WHAT TO WORK ON - An image-free, verbatim transcription of the records is the expected result.

# # # # #

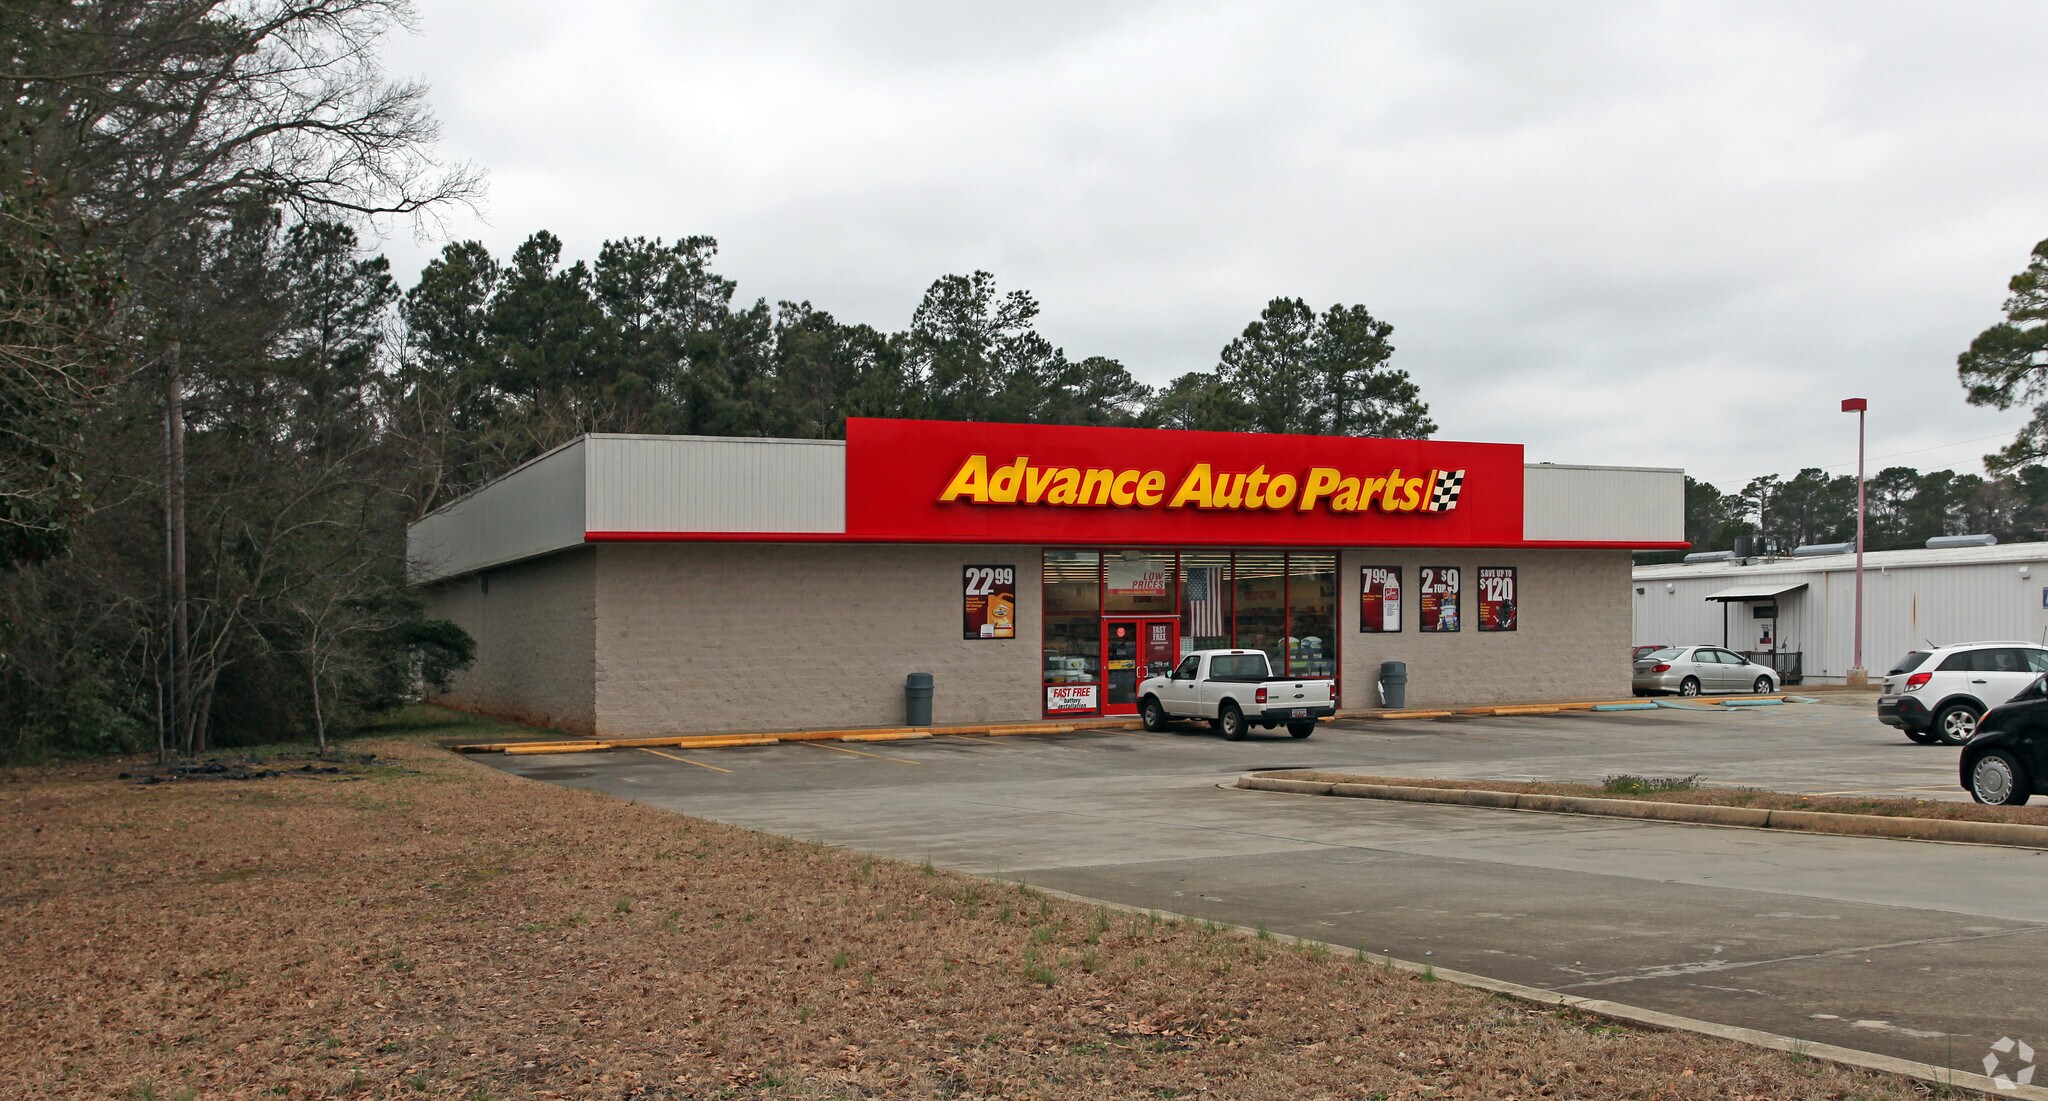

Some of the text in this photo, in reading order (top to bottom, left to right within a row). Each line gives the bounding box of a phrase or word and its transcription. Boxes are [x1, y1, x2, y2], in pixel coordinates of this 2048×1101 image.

[939, 454, 1424, 512] Advance Auto Parts
[1143, 572, 1163, 581] LOW
[1480, 569, 1512, 578] SAVE UP TO
[1132, 580, 1164, 590] PRICES
[1421, 568, 1459, 594] 2 FOR $9
[1480, 577, 1513, 602] $120
[1152, 633, 1166, 641] FREE
[1053, 687, 1091, 697] FAST FREE
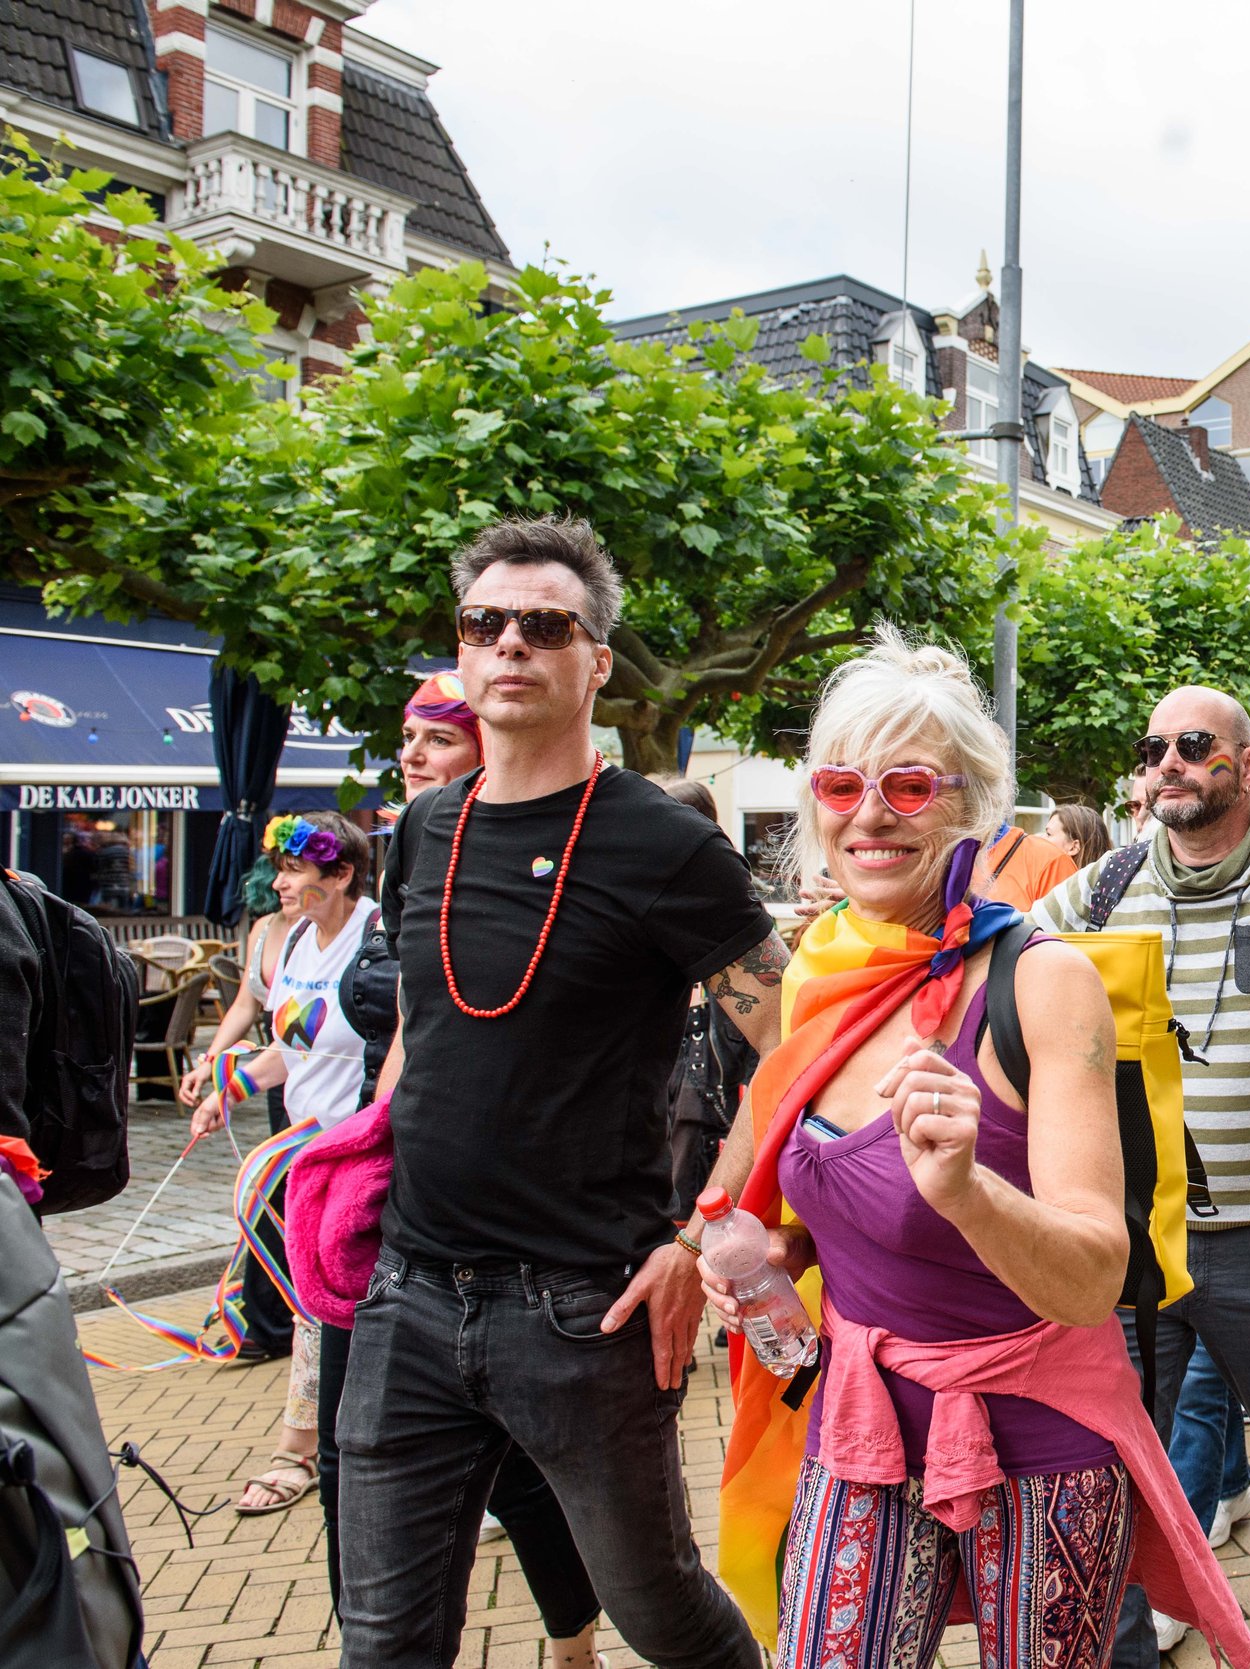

# # # # #

RESULT -
Some of the text in this photo, in reading order (top to bottom, left to right within a row). Each line gives the bounding box of a phrase or word and its transcription. Boxes are [x1, y1, x2, y2], in pixel coordinates of this 2048×1101 image.

[939, 454, 1424, 512] Advance Auto Parts
[1143, 572, 1163, 581] LOW
[1480, 569, 1512, 578] SAVE UP TO
[1132, 580, 1164, 590] PRICES
[1421, 568, 1459, 594] 2 FOR $9
[1480, 577, 1513, 602] $120
[1152, 633, 1166, 641] FREE
[1053, 687, 1091, 697] FAST FREE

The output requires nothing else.